» **Directions**
Below is a listing to repeat exactly, with its pictures left out.

» **Input for this task**
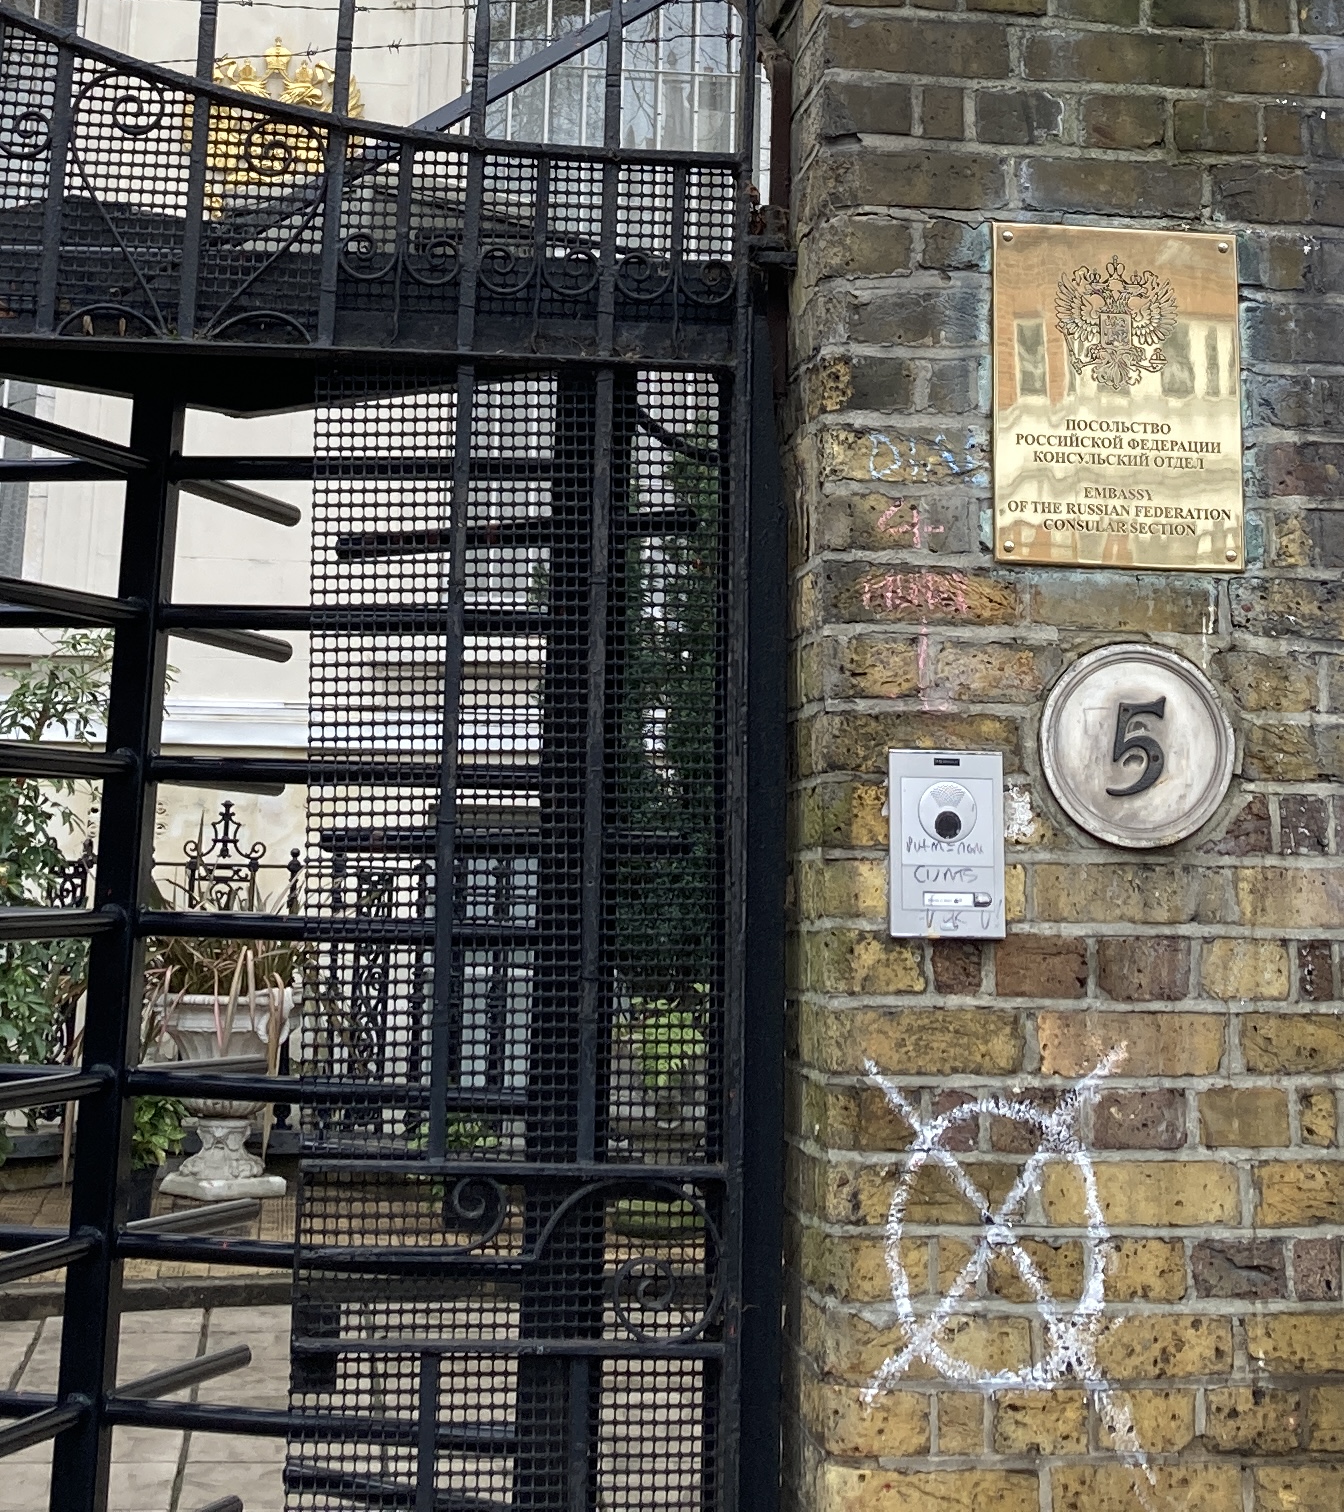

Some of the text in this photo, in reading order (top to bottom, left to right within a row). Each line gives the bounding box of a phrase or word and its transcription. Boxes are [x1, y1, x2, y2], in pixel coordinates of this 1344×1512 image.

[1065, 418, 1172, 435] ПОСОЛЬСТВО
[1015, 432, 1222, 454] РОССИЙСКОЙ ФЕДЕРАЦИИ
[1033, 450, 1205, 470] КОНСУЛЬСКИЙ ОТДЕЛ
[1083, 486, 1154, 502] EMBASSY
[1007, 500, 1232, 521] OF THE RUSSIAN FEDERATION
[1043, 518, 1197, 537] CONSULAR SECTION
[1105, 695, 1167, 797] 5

» **Solution to this exercise**
Some of the text in this photo, in reading order (top to bottom, left to right within a row). Each line gives the bounding box of a phrase or word and its transcription. Boxes are [x1, y1, x2, y2], in pixel coordinates of this 1344×1512 image.

[1065, 418, 1172, 435] ПОСОЛЬСТВО
[1015, 432, 1222, 454] РОССИЙСКОЙ ФЕДЕРАЦИИ
[1033, 450, 1205, 470] КОНСУЛЬСКИЙ ОТДЕЛ
[1083, 486, 1154, 502] EMBASSY
[1007, 500, 1232, 521] OF THE RUSSIAN FEDERATION
[1043, 518, 1197, 537] CONSULAR SECTION
[1105, 695, 1167, 797] 5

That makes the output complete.